Esta visión está centrada, además, más en la unificación de los procesos de enseñanza y no tanto en el respeto de las distintas formas de aprendizaje de las personas, clave para entender el principio de inclusión. Si no se maneja con cautela la llamada educación competencial, podría conducir a la perpetuación de una visión de la escuela que valida o invalida a los seres humanos -clasificados como competentes o incompetentes- para su posterior introducción en un modelo de desarrollo socioeconómico determinado, en una idea fabril de la escuela que coincide, además, con las bases del neoliberalismo.  

Igual que se pide la urgencia de fomentar el aprendizaje crítico en nuestro alumnado como una necesidad prioritaria, es necesario que las comunidades educativas sean críticas con la perspectiva que se defiende una y otra vez, y los intereses que la mueven: esta posición de defensa acérrima del enfoque competencial, ¿soluciona los males de la escuela? ¿Contribuye a evitar el abandono, la exclusión y la marginación escolar

La visión deshumanizada de la educación ya fue criticada por pensadores como Paulo Freire -y todos los que le siguieron dentro de la corriente de la pedagogía crítica-, en lo que él llamaba la concepción “bancaria” de la educación: la escuela tendrá como misión “donar” el saber a los ignorantes convertirlo en mercancía, objeto de cambio: instrumentalizar, en definitiva, el saber. ¿Es esa la educación humanista que queremos y que defiende la UNESCO en su Informe de 2005?

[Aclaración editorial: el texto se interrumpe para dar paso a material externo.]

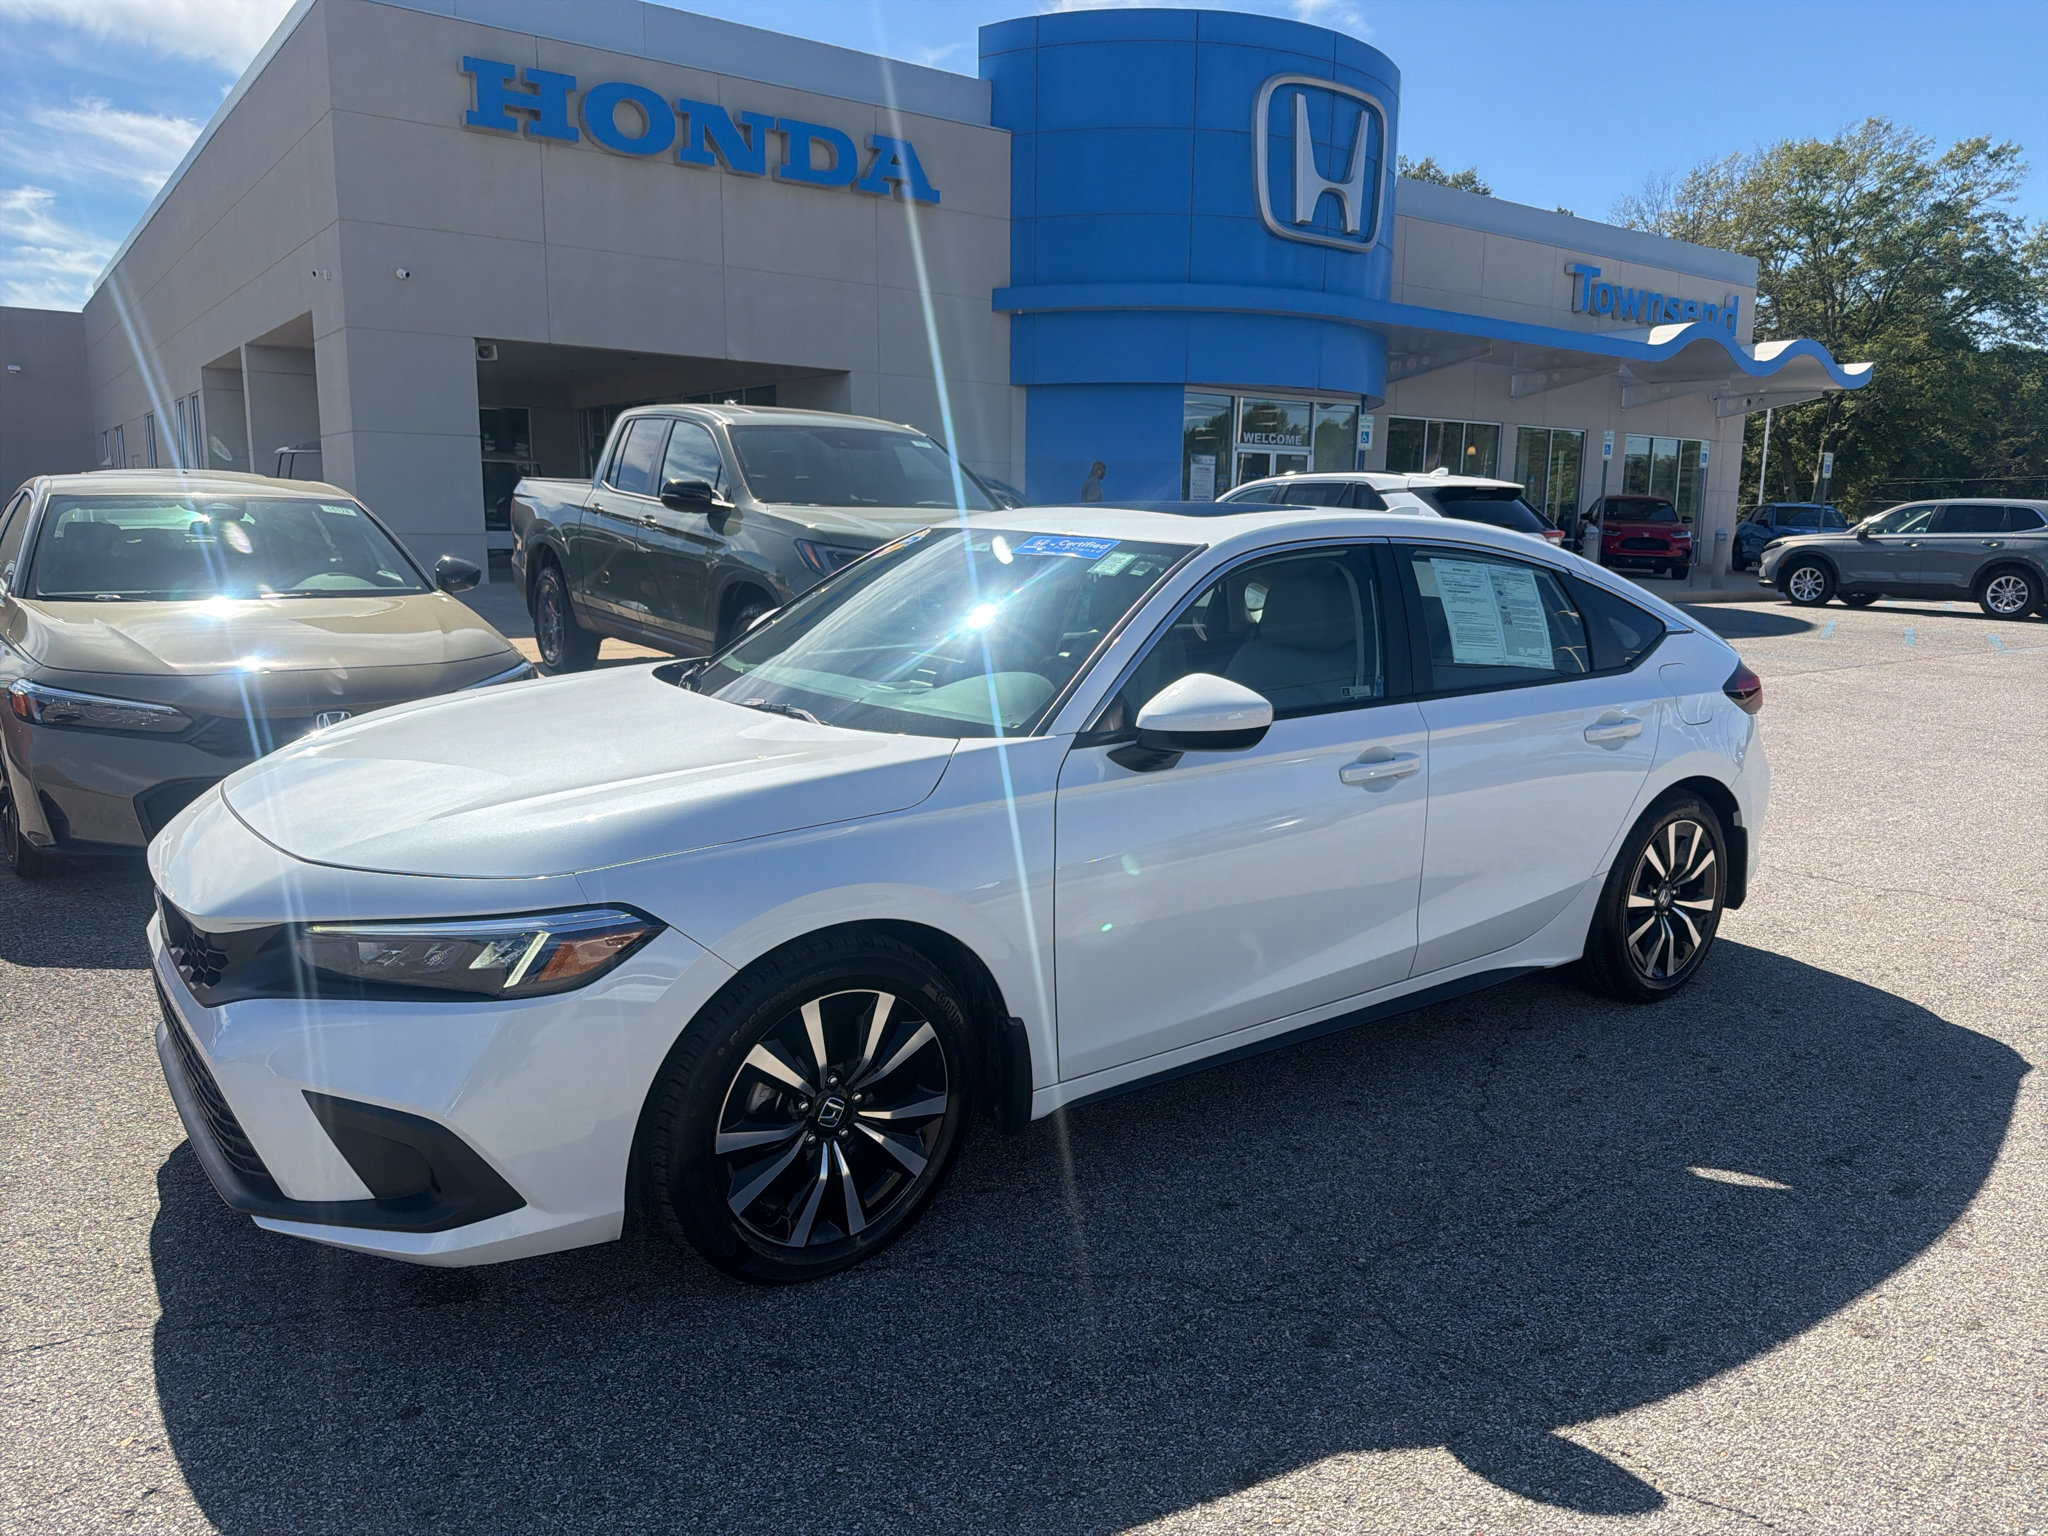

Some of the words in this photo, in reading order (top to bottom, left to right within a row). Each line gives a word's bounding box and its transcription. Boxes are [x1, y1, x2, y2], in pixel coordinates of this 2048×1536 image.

Seamos, pues críticos y reflexivos con este modelo. Pensemos con calma qué generaciones queremos formar y cómo queremos que salgan de la escuela. Lo que se van a encontrar después no es una gran fábrica, sino un mundo que se debate, cada vez con una tensión más agudizante, entre la supervivencia de los valores del humanismo como clave para la convivencia o el mantenimiento de la cultura de la competitividad.